海水の上に見えるのは、ほんとに氷山の一部ですよね。
その下には、巨大な、海上の氷山の何倍もの大きさの氷のかたまりがあるはずです。
私たちが日頃話している言葉というものは、その見えている氷の部分で、海の下の見えない部分にある氷の部分というのは、私たちがラボで大切にしている物語なんです。
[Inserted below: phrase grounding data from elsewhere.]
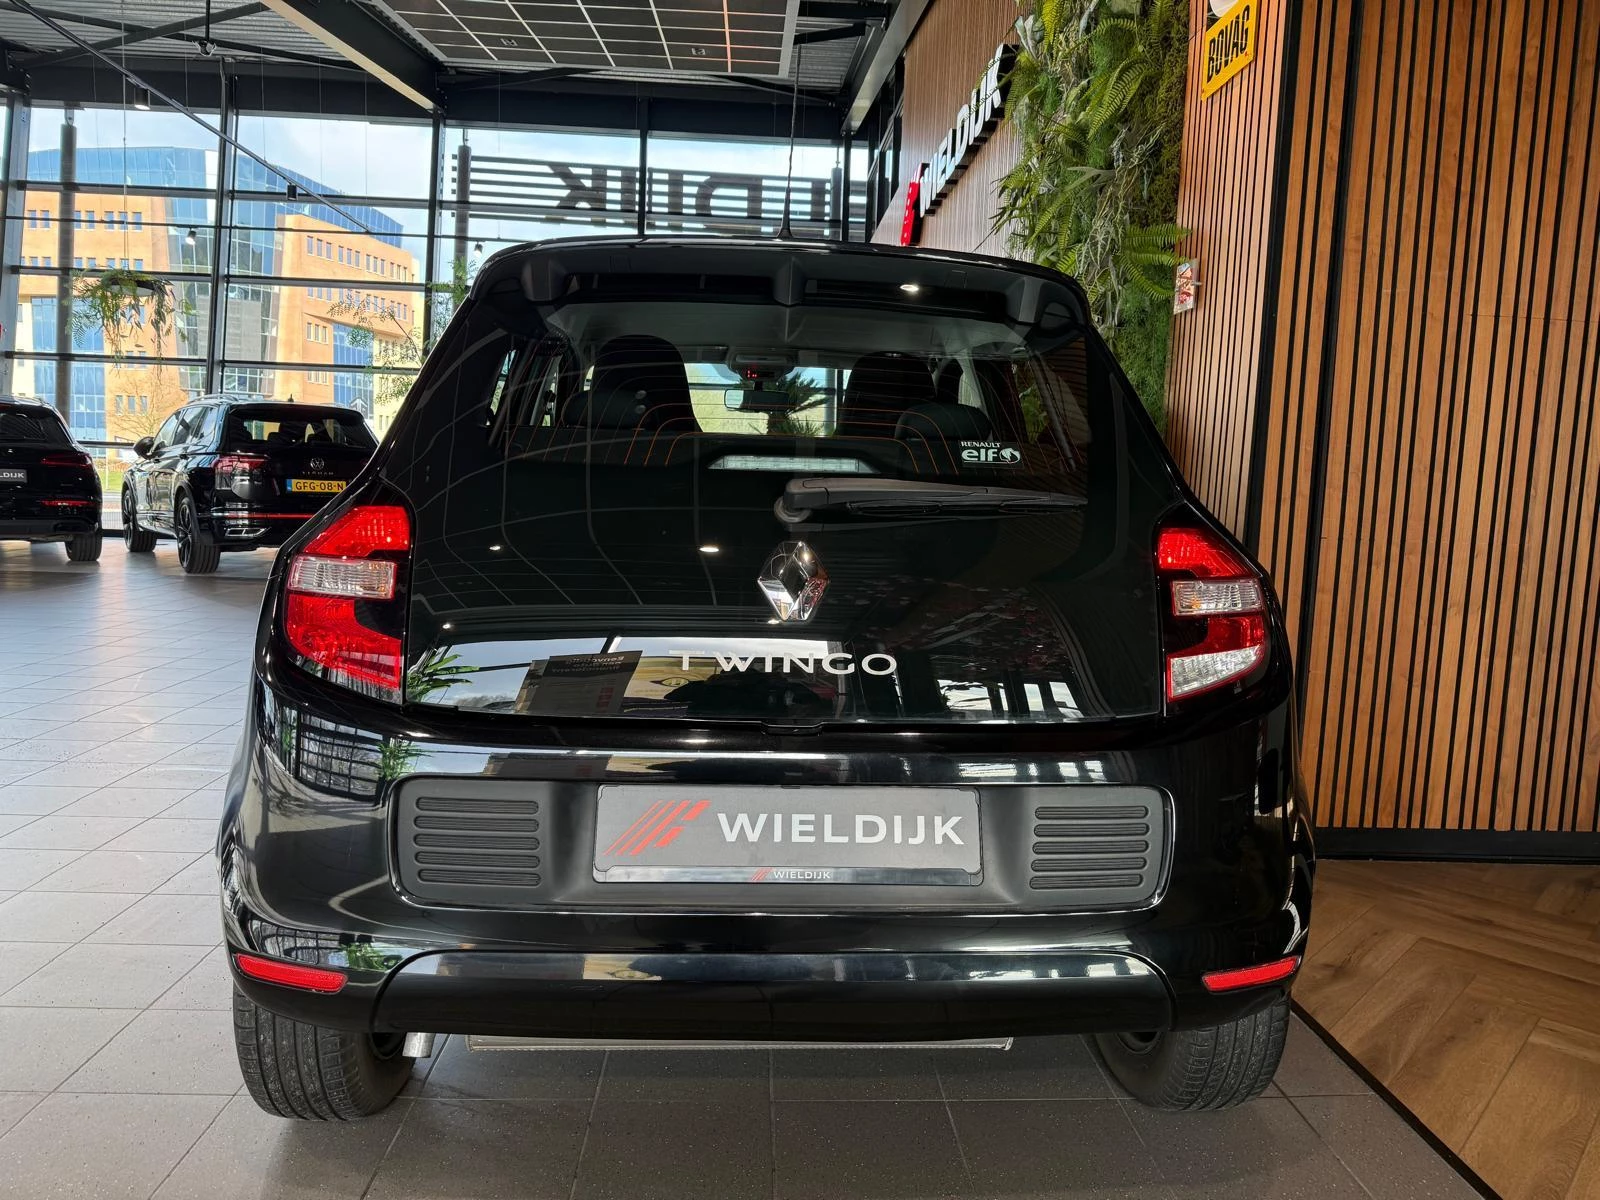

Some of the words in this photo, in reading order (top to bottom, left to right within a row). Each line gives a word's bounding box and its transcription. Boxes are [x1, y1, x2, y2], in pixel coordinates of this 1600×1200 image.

[1206, 4, 1250, 84] BOVAG
[919, 43, 1003, 218] WIELDIJK
[960, 440, 1001, 448] RENAULT
[961, 448, 998, 462] elf
[295, 481, 344, 491] GFG-08-N
[668, 649, 898, 676] TWINGO
[717, 812, 965, 845] WIELDIJK
[773, 871, 831, 879] WIELDIJK
ラボライブラリーで語られる物語がどんなに大切なもので、言葉を習得していく上で、必要不可欠なものであるか。
そんなことを、一生懸命話していました。
長くなってしまいました。
ラボにおける言語習得について、ちょっと書いてみました。
なかなか的を得ていると思いませんか。
異論、反論、同意、同感。
なんでもいいので、ご意見下さい。
何を今さらでも、なんでもいいですよ。
*************************************
|
|
Re:Re: ラボにおける「言語習得」:語りの大切さ(11月15日)
|
|
|
まいにゃんさん (2003年11月15日 22時22分)
ラボにおける言語習得について、私はラボを知ってまだ日が浅く、子供
達が言語を習得していく過程をまだ実際にはみていませんが、サンサン
が書いてくださったこと、理屈ではなく、ハートでわかるような気がし
ます。子供達の心の成長と同時に言語習得があるんですね。物語という
土台、同じフイールド上で、言葉のやりとりをしていくラボのテーマ活
動は、単なる会話の応酬ではなく、心のこもった、心を耕す言葉なんで
すよね。テーマ活動発表は演劇ではないというのもよくわかります。で
も(サンサンさんのパーティの発表もそうでしたが)、素晴らしい発表
は、芸術作品を見ているかのように、見ているこちらも心が震えます。
そこには心のこもった言葉と自然な生き生きとした子供達の姿があるか
らなんでしょうね。でもそこまで子供達をひっぱっていくテユーターの
陰ながらの努力、導く力は大変なものなのでは・・・と思います。私も
これから頑張っていかなくてはなりません。これからもたくさん学ばせ
てください。
|
|
Re:Re: ラボにおける「言語習得」:語りの大切さ(11月15日)
|
|
|
みんとさん (2003年11月15日 23時29分)
同感です!そう、そうなのよ!と心で思いながら読みました。言葉にしていた
だいてありがとうございます。氷山の話はとてもわかりやすいとおもいまし
た。ラボはやはり言語習得をめざした活動。でも言語習得の深さを語るのはな
かなか難しい。それを自分の言葉にして語っていかなくては・・・。
|
|
Re:Re: ラボにおける「言語習得」:語りの大切さ(11月15日)
|
|
|
まんぎょどんさん (2003年11月17日 13時23分)
言語習得についてのサンサンさんのご意見に同感いたします。その分析にう
んうんと首を縦にふっています。小学校英語にとりくんで、ラボのラボライブ
ラリーを題材にあげることは本当にむずかしいことですが、それができてみる
と、本当にこどもたちには「ものがたり丸ごと一つ」をやることの意義を感じ
ます。学校ではなかなか4話ものや30分ものにとりくめませんが、それが有
効であり、これからの教育のなかで必要なことだと確信しました。
実際に、助言をなさってくださった先生は、「このH小学校の公開授業を現
場の中学校の先生に見てほしかった。そして授業を変えていかなくてはならな
い」とおっしゃって下さったとき、私達ラボ・テューターの役割りを感じまし
た。自分達がそれを自信をもってすすめ、広く社会に広めていく必要性を感じ
ました。これは、宣伝ということではなく、しっかりとした考えをもったこど
もたちを世に送り出ししていくという意味で・・・こころの中に漠然と思って
いたラボにおける「言語習得」について 具体的に意見をいってくださったこ
と 本当に勉強になりました。ありがとうございました。